Spécialiste des outils anciens et des arts populaires, l’auteur manchois Daniel Boucard s’intéresse au métier de charbonnier. Une corporation qui, avec ses rituels et ses secrets, est à l’origine d’une franc-maçonnerie des bois.
Source : « Spécialiste des outils anciens, Daniel Boucard, dévoile l’histoire et les secrets des charbonniers » un article de Ouest France
Ils avaient la forêt pour maison, le ciel pour fenêtre, l’herbe des roseaux pour berceau. Lorsque l’un d’entre eux s’éteignait, ils érigeaient sur sa tombe un fourneau de ramée, pour que son âme rejoigne le ciel dans la fumée. Ainsi étaient les charbonniers, ces gueules noires des forêts de jadis, qui n’avaient pour maître que le rossignol.
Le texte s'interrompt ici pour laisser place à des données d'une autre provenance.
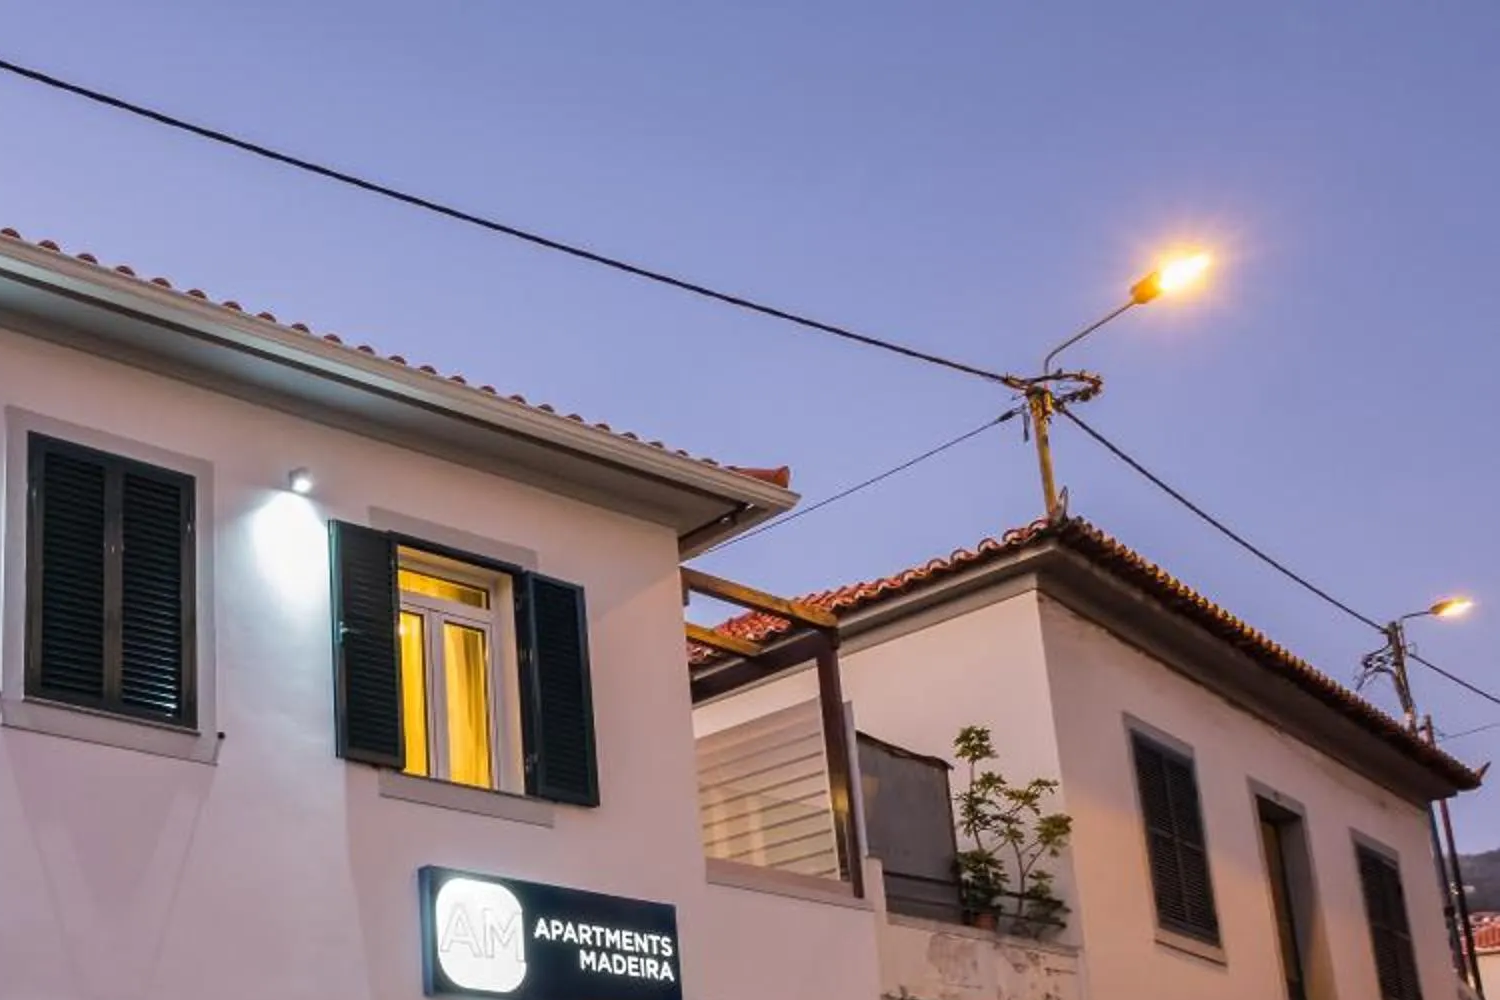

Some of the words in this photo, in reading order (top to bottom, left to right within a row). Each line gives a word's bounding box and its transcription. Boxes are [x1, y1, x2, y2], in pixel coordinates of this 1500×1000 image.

[439, 902, 525, 962] AM
[534, 917, 673, 956] APARTMENTS
[579, 949, 675, 982] MADEIRA
Dans son dernier livre, Les Bons cousins charbonniers, Daniel Boucard, auteur installé dans le Nord-Cotentin (Manche), lève le voile sur cette corporation un peu à part, auréolée de mystère. Solidement documenté et premier du genre à s’intéresser au sujet, l’ouvrage fera date.
Un spécialiste des outils anciens devenu une référence
Dans ce domaine, son auteur, spécialiste des outils anciens et de la symbolique des métiers, n’en est pas à son coup d’essai. Son premier ouvrage, consacré aux haches, sorti en 1998, est aujourd’hui une référence. Pour reconstruire à l’identique la charpente de la cathédrale de Notre-Dame-de-Paris, et tailler comme au XIIIe siècle, il a fallu refaire des outils plus fabriqués depuis des siècles »,
confie modestement Daniel Boucard. Les taillandiers ont donc utilisé « Le Boucard », comme on le surnomme dans le métier. Belle reconnaissance ! Épuisé, il va être réédité, et une version anglaise est prévue.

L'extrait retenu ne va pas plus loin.